What is required:
I need the lines from the one containing "this 2048×1536 image." through the last line of the entries retyped exactly, with no pictures among them.

Free-text object descriptions
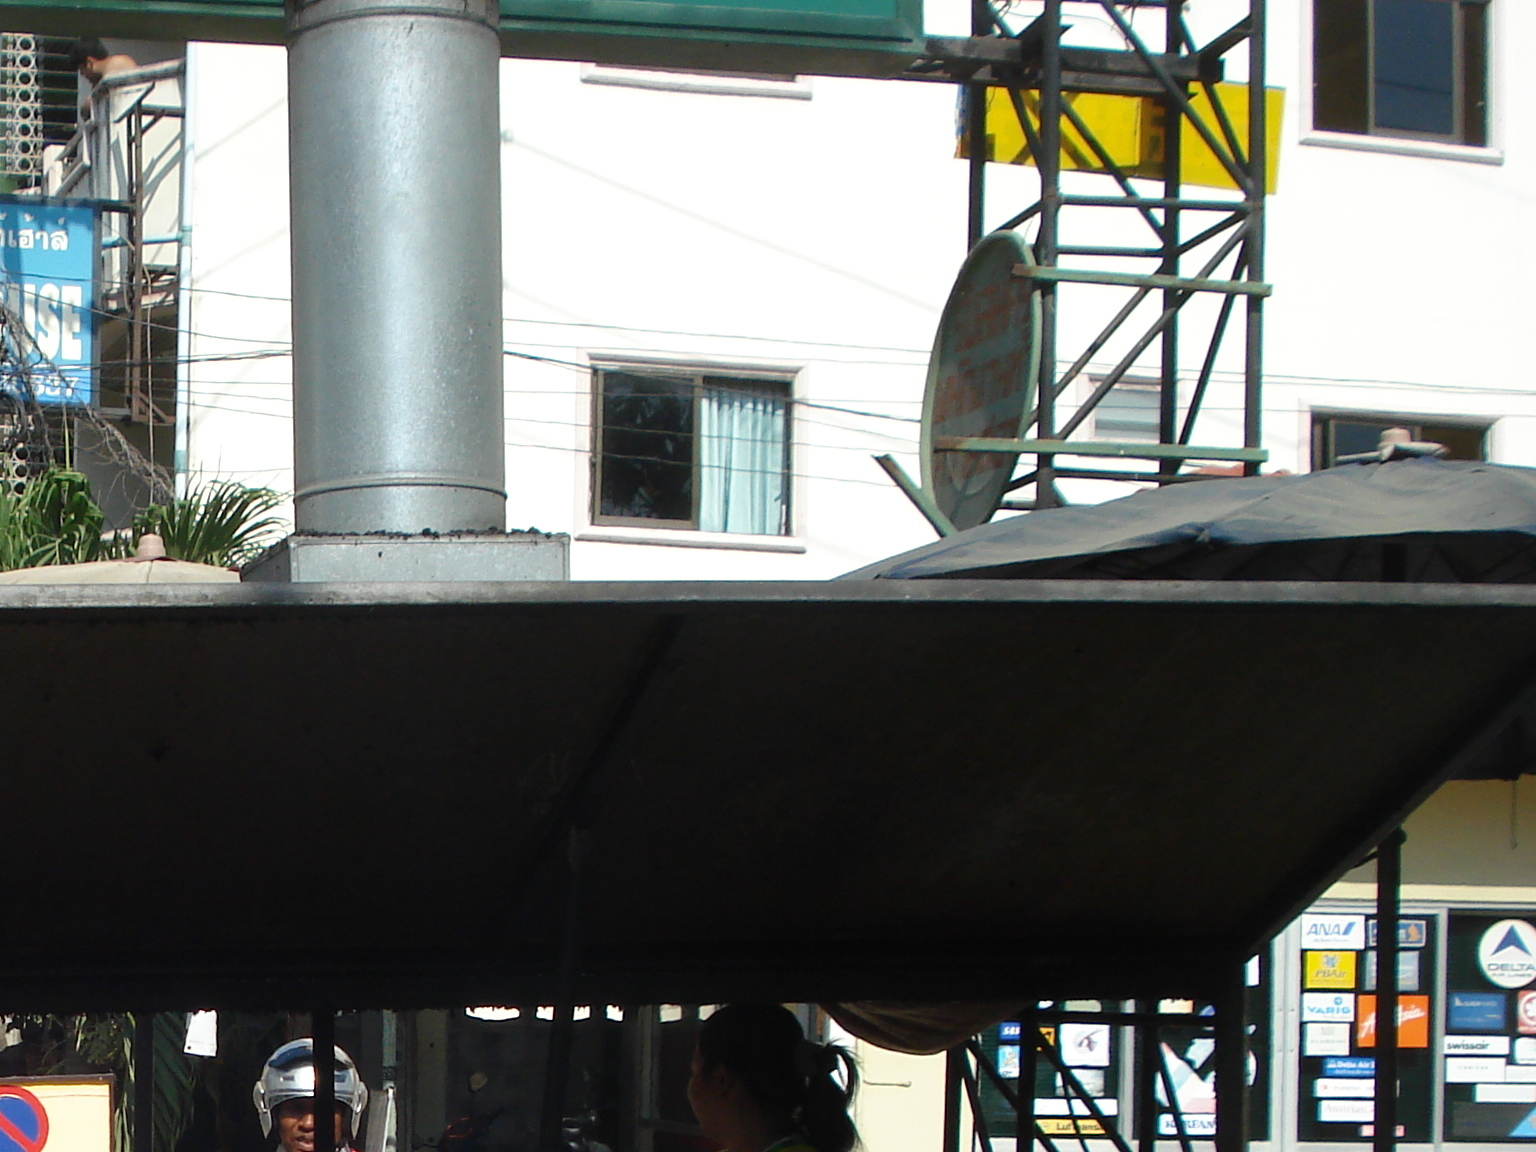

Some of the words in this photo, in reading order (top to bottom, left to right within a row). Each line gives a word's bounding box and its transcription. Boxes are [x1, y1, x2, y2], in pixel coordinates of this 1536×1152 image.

[1306, 922, 1342, 936] ANA
[1487, 963, 1535, 972] DELTA
[1307, 1006, 1352, 1015] VARIG
[1446, 1040, 1490, 1051] swissair
[1336, 1060, 1358, 1069] Delta
[1164, 1119, 1215, 1130] KREAN
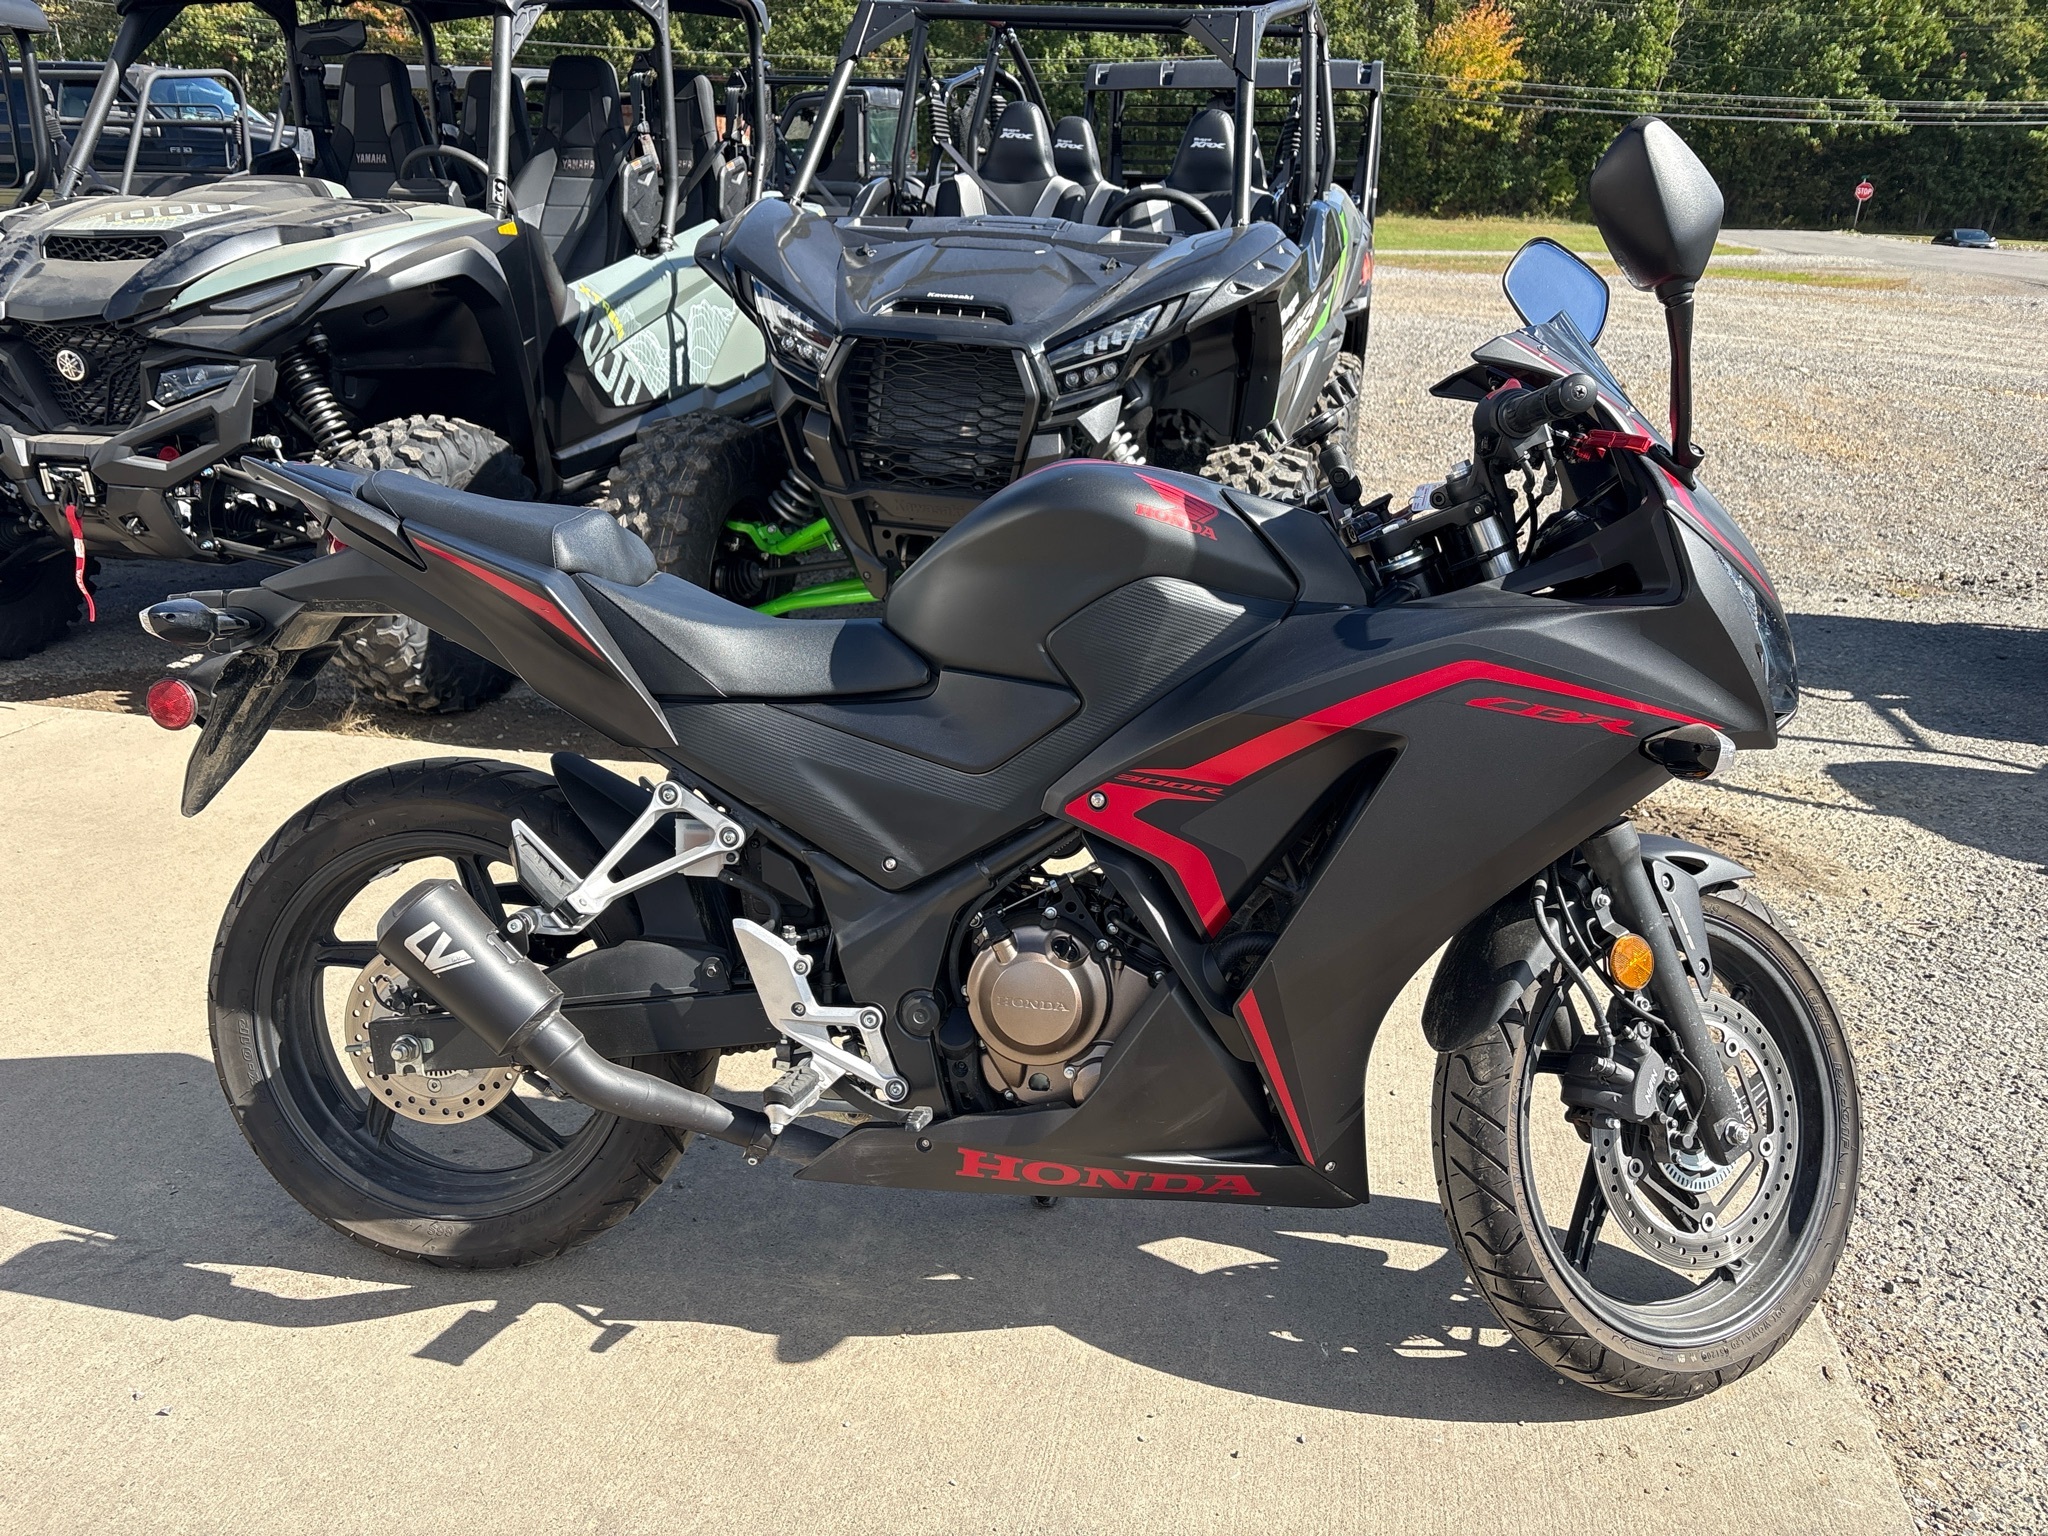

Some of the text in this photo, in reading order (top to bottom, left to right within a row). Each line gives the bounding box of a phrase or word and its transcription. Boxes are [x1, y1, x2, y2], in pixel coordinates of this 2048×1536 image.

[1000, 132, 1034, 140] KRX
[1190, 141, 1226, 149] KRX
[356, 153, 387, 164] YAMAHA
[562, 159, 595, 170] YAMAHA
[1857, 187, 1871, 195] STOP
[927, 292, 974, 301] Kawasaki
[1135, 502, 1218, 541] HONDA
[1465, 697, 1638, 737] CBR
[1114, 773, 1225, 796] 300R
[403, 920, 475, 975] LV
[997, 996, 1070, 1012] HONDA
[955, 1147, 1262, 1197] HONDA
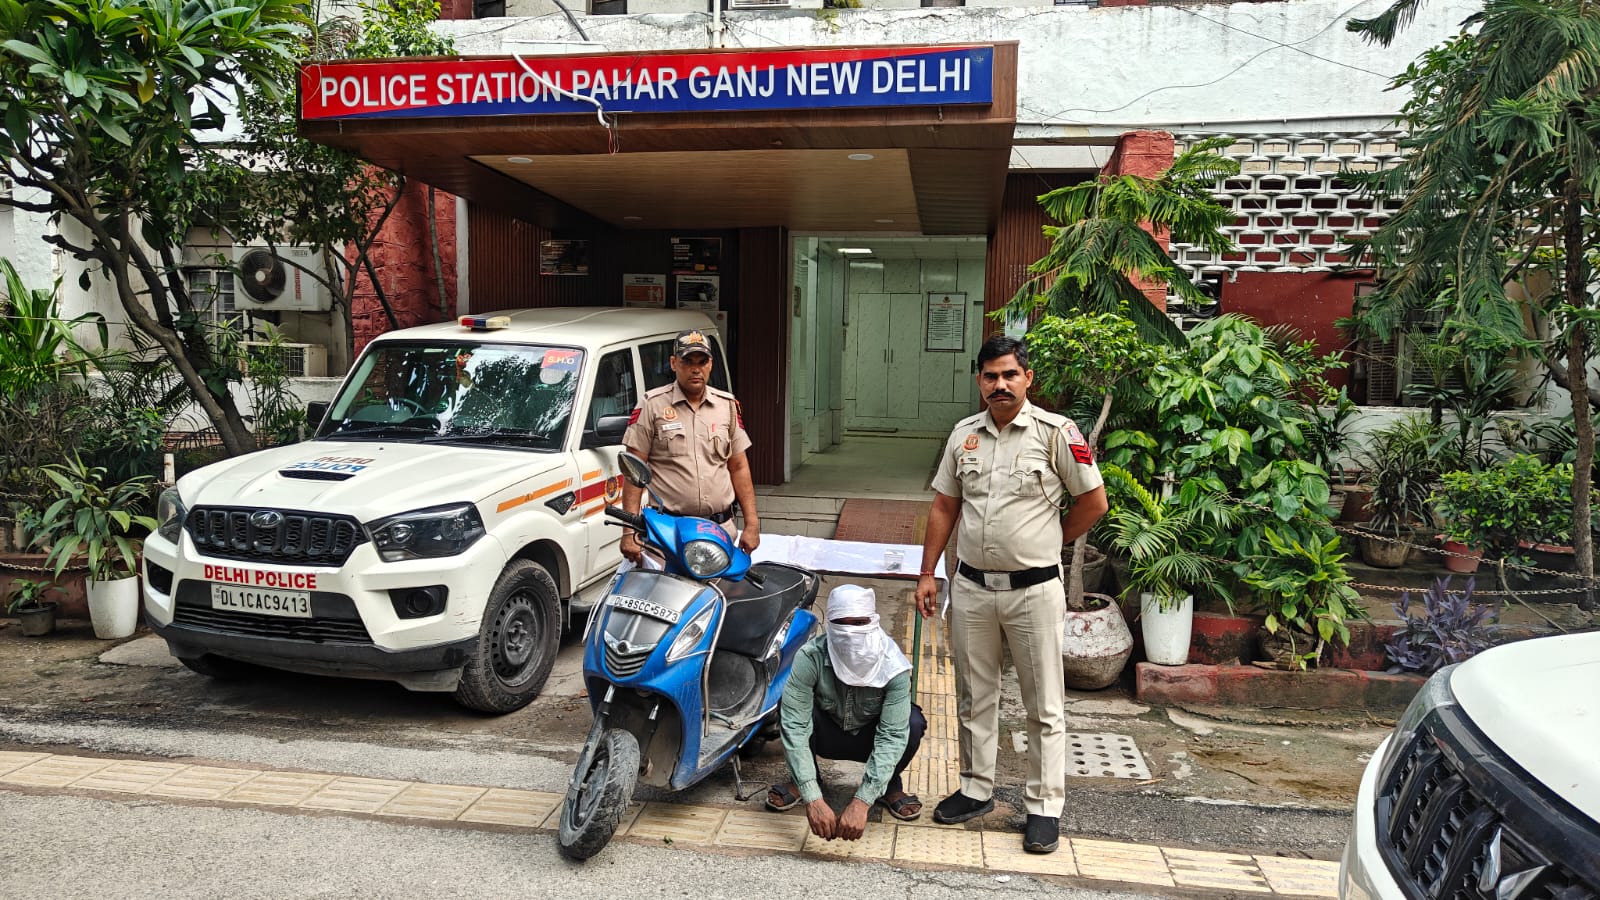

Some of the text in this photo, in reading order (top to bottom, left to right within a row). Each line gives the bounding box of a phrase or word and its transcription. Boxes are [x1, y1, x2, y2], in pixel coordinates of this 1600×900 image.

[320, 57, 971, 107] POLICE STATION PAHAR GANJ NEW DELHI
[204, 564, 317, 589] DELHI POLICE
[221, 589, 308, 613] DL1CAC9413

Response to this exercise:
Some of the text in this photo, in reading order (top to bottom, left to right within a row). Each line gives the bounding box of a phrase or word and its transcription. Boxes are [x1, y1, x2, y2], in pixel coordinates of this 2048×1536 image.

[1000, 132, 1034, 140] KRX
[1190, 141, 1226, 149] KRX
[356, 153, 387, 164] YAMAHA
[562, 159, 595, 170] YAMAHA
[1857, 187, 1871, 195] STOP
[927, 292, 974, 301] Kawasaki
[1135, 502, 1218, 541] HONDA
[1465, 697, 1638, 737] CBR
[1114, 773, 1225, 796] 300R
[403, 920, 475, 975] LV
[997, 996, 1070, 1012] HONDA
[955, 1147, 1262, 1197] HONDA

Some of the text in this photo, in reading order (top to bottom, left to right within a row). Each line gives the bounding box of a phrase or word and its transcription. Boxes are [x1, y1, x2, y2], in pixel coordinates of this 1600×900 image.

[320, 57, 971, 107] POLICE STATION PAHAR GANJ NEW DELHI
[204, 564, 317, 589] DELHI POLICE
[221, 589, 308, 613] DL1CAC9413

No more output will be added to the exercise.